◆ **What is expected**
Retype the entries below word for word, leaving out every picture.

*** Data in this exercise Section Begins ***

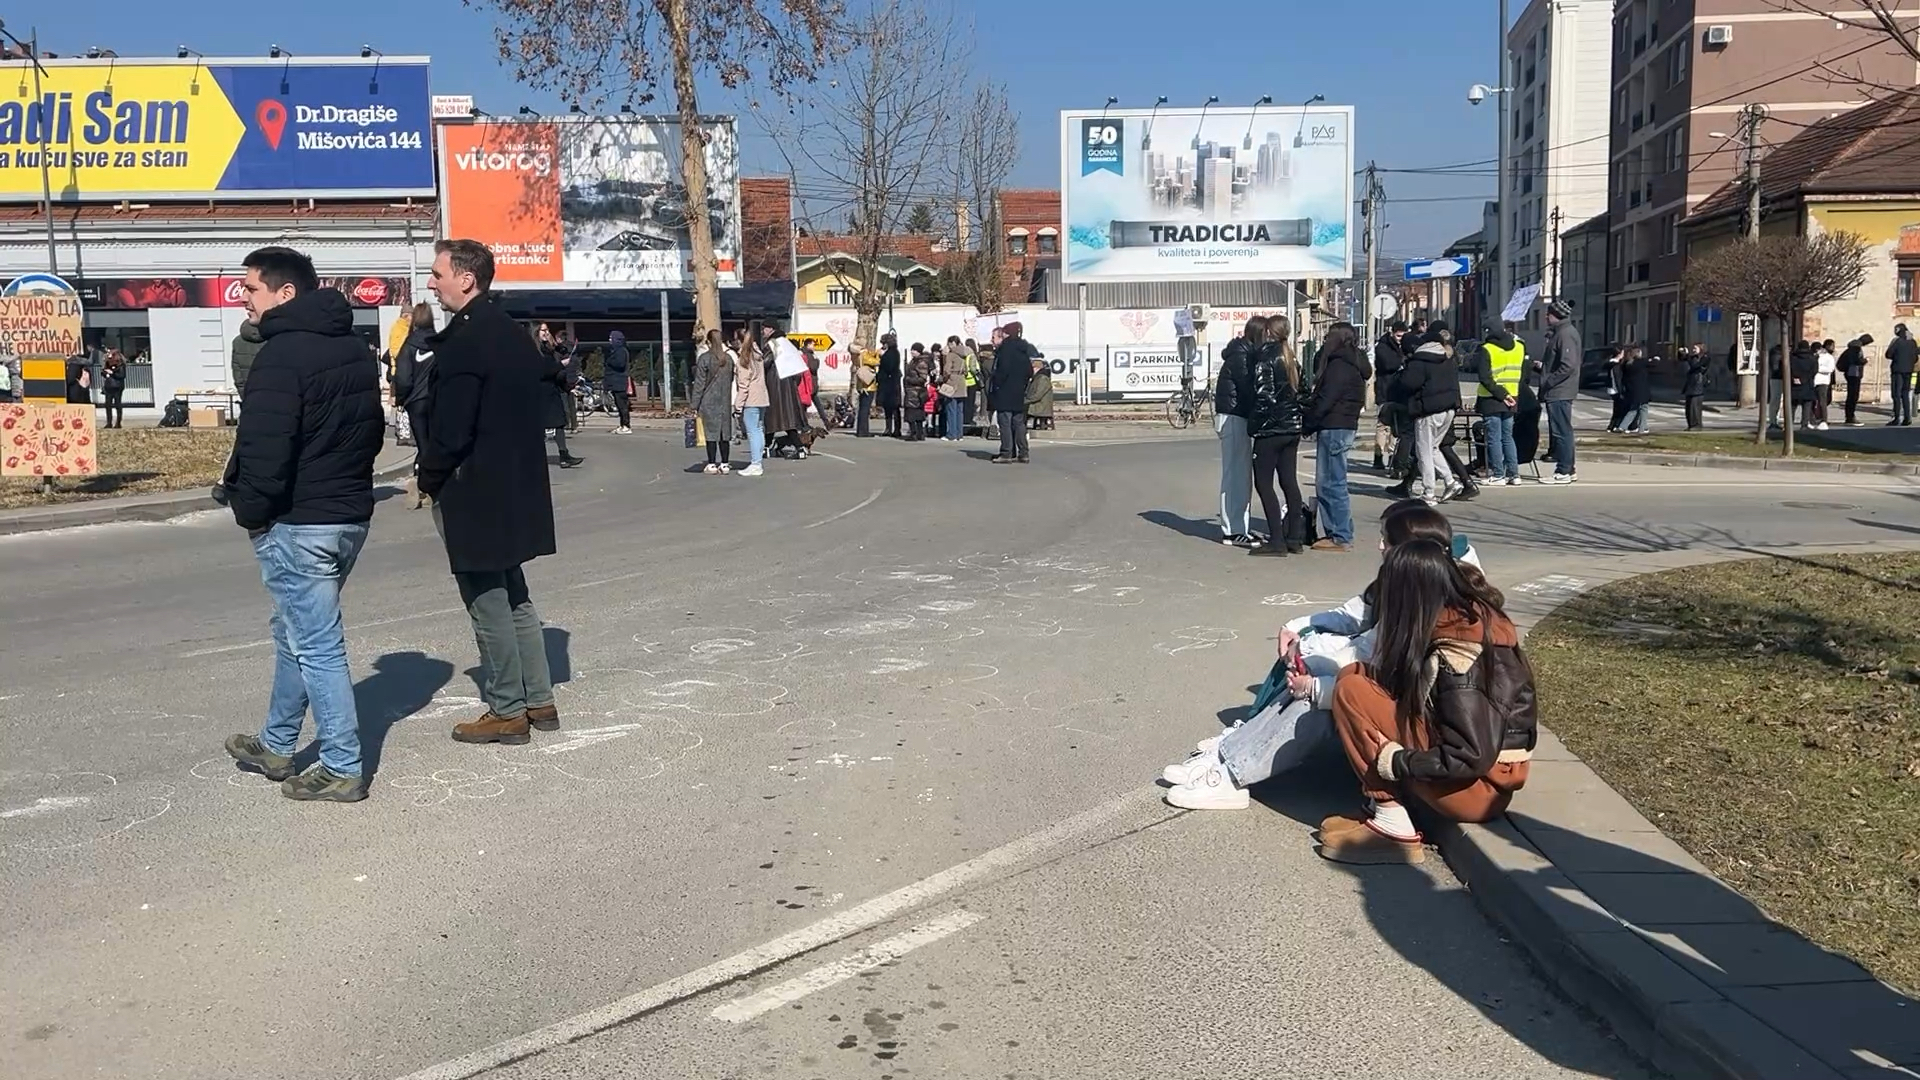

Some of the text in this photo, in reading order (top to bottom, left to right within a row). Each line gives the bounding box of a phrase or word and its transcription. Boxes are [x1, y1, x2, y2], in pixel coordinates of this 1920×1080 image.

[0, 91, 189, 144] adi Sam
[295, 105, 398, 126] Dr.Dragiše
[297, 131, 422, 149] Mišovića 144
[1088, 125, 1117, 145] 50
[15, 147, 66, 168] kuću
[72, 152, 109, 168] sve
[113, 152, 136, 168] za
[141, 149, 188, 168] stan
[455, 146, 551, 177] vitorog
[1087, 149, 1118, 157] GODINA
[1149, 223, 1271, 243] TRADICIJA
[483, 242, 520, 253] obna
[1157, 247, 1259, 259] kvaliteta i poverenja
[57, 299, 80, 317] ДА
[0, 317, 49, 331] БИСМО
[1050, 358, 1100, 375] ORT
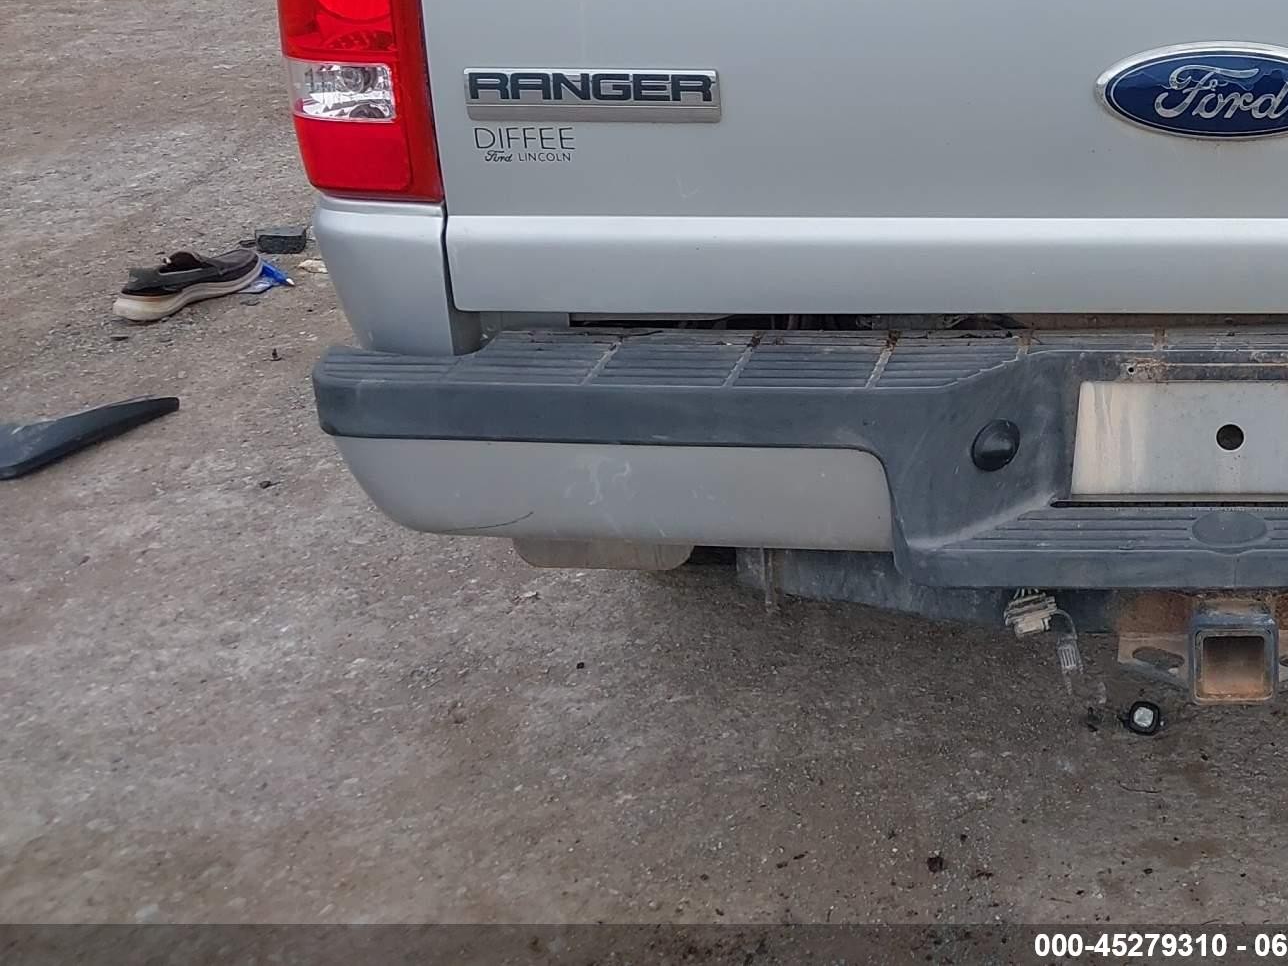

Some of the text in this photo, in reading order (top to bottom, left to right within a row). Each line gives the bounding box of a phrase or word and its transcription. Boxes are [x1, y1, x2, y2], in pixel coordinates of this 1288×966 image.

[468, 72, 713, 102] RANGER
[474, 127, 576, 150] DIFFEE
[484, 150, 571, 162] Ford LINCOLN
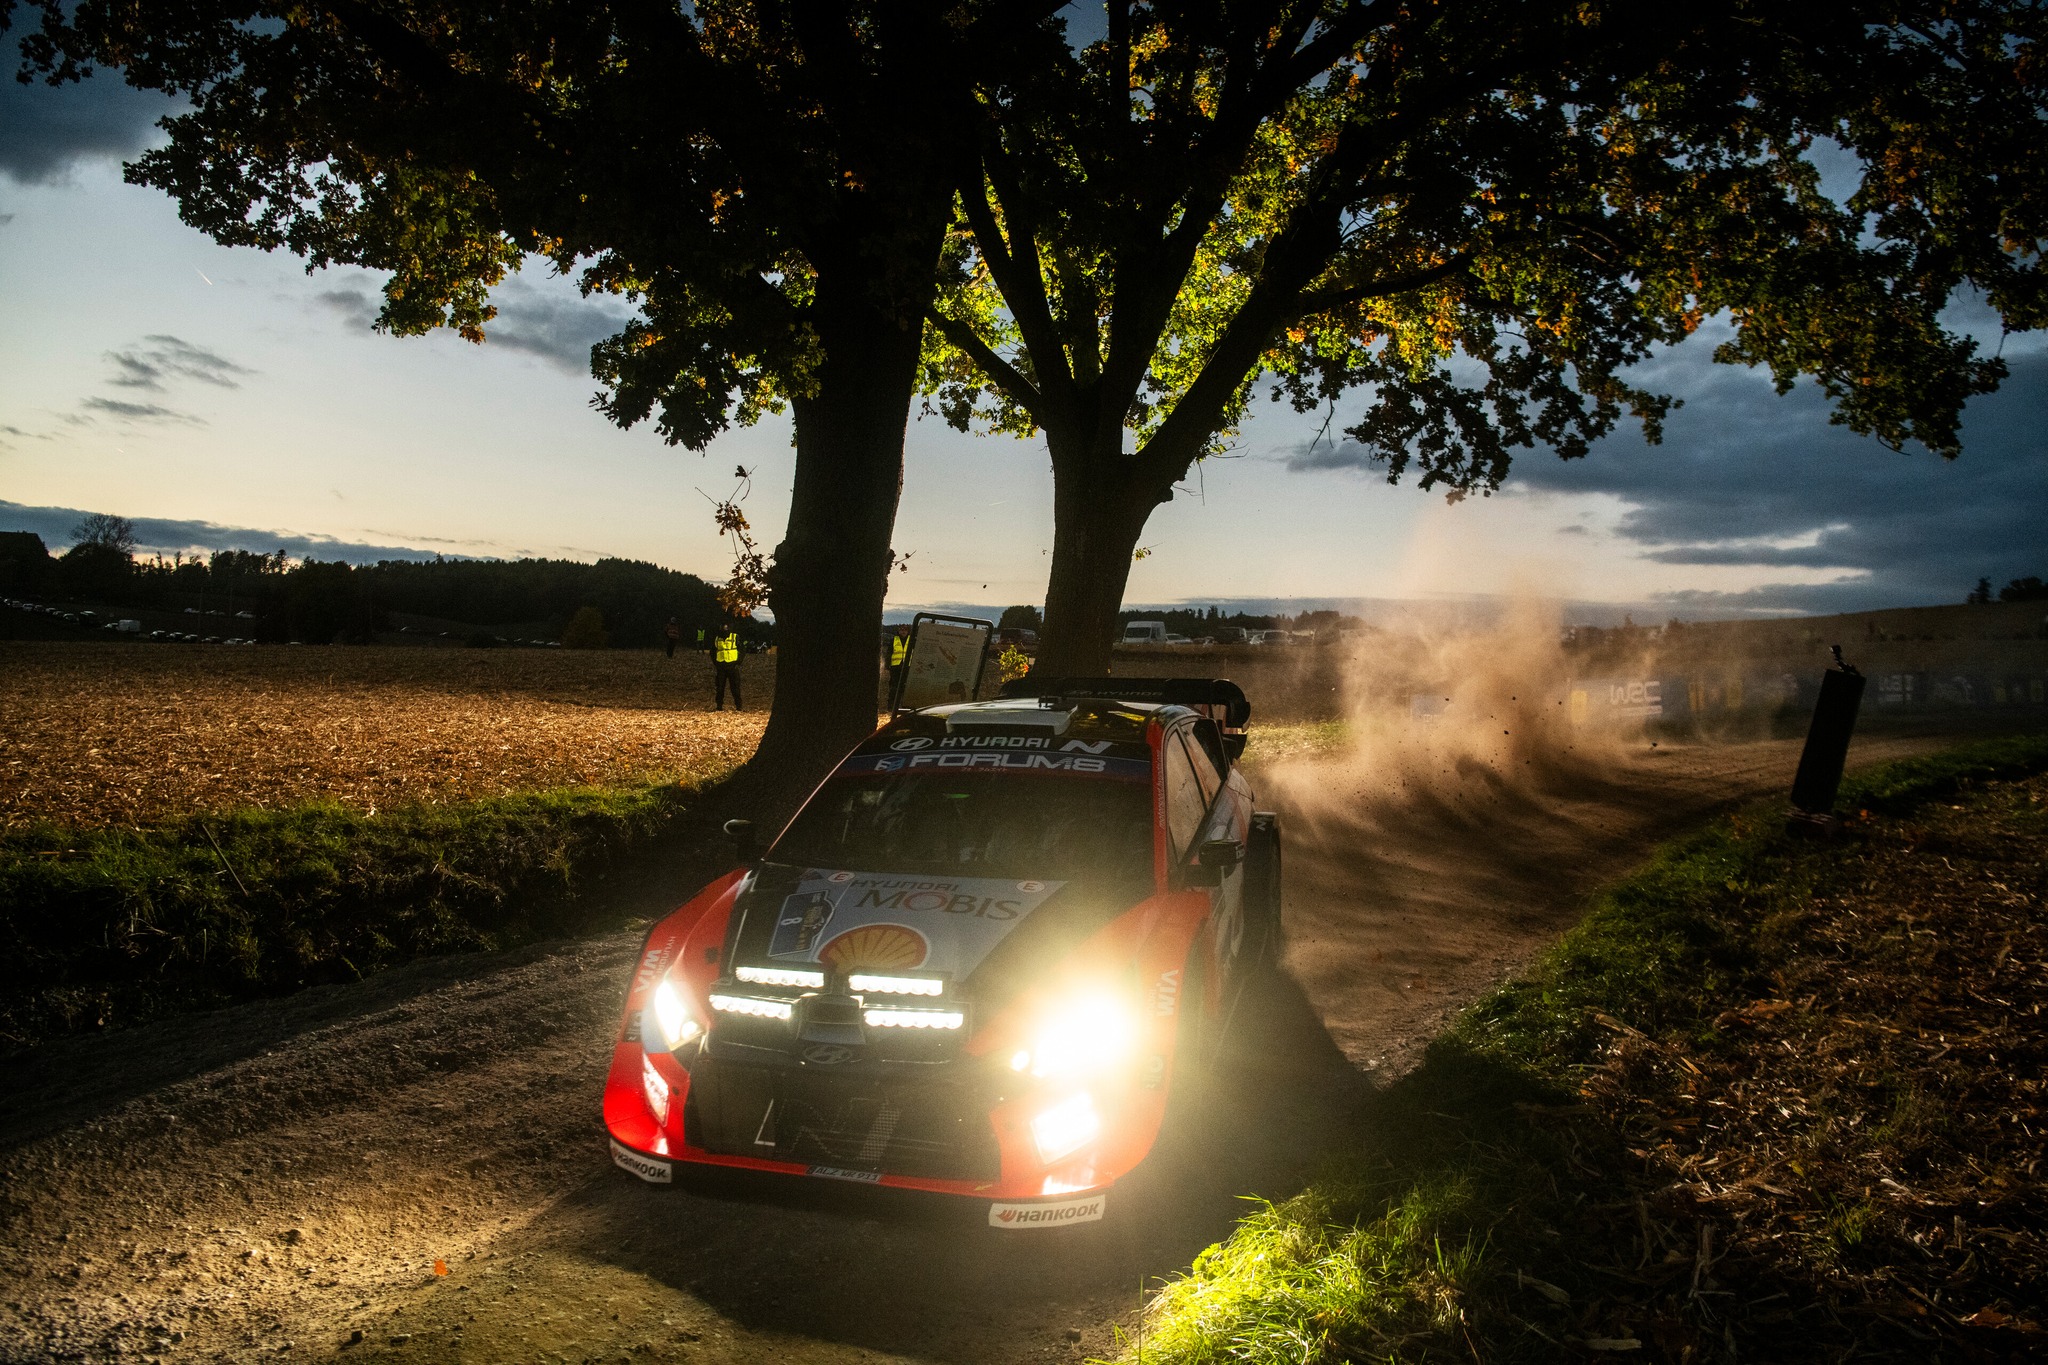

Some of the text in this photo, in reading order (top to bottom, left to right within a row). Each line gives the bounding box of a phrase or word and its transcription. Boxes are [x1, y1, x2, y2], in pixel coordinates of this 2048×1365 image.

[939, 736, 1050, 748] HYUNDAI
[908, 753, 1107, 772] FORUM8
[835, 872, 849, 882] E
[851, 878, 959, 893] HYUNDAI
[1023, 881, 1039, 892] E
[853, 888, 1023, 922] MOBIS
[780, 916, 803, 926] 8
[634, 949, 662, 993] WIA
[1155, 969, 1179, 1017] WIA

*** Data in this exercise Section Ends ***

◆ **Output of the task**
Some of the text in this photo, in reading order (top to bottom, left to right within a row). Each line gives the bounding box of a phrase or word and its transcription. Boxes are [x1, y1, x2, y2], in pixel coordinates of this 1920×1080 image.

[0, 91, 189, 144] adi Sam
[295, 105, 398, 126] Dr.Dragiše
[297, 131, 422, 149] Mišovića 144
[1088, 125, 1117, 145] 50
[15, 147, 66, 168] kuću
[72, 152, 109, 168] sve
[113, 152, 136, 168] za
[141, 149, 188, 168] stan
[455, 146, 551, 177] vitorog
[1087, 149, 1118, 157] GODINA
[1149, 223, 1271, 243] TRADICIJA
[483, 242, 520, 253] obna
[1157, 247, 1259, 259] kvaliteta i poverenja
[57, 299, 80, 317] ДА
[0, 317, 49, 331] БИСМО
[1050, 358, 1100, 375] ORT

Some of the text in this photo, in reading order (top to bottom, left to right within a row). Each line gives the bounding box of a phrase or word and its transcription. Boxes are [x1, y1, x2, y2], in pixel coordinates of this 1288×966 image.

[468, 72, 713, 102] RANGER
[474, 127, 576, 150] DIFFEE
[484, 150, 571, 162] Ford LINCOLN

Some of the text in this photo, in reading order (top to bottom, left to right within a row). Each line gives the bounding box of a phrase or word and its transcription. Boxes are [x1, y1, x2, y2], in pixel coordinates of this 2048×1365 image.

[939, 736, 1050, 748] HYUNDAI
[908, 753, 1107, 772] FORUM8
[835, 872, 849, 882] E
[851, 878, 959, 893] HYUNDAI
[1023, 881, 1039, 892] E
[853, 888, 1023, 922] MOBIS
[780, 916, 803, 926] 8
[634, 949, 662, 993] WIA
[1155, 969, 1179, 1017] WIA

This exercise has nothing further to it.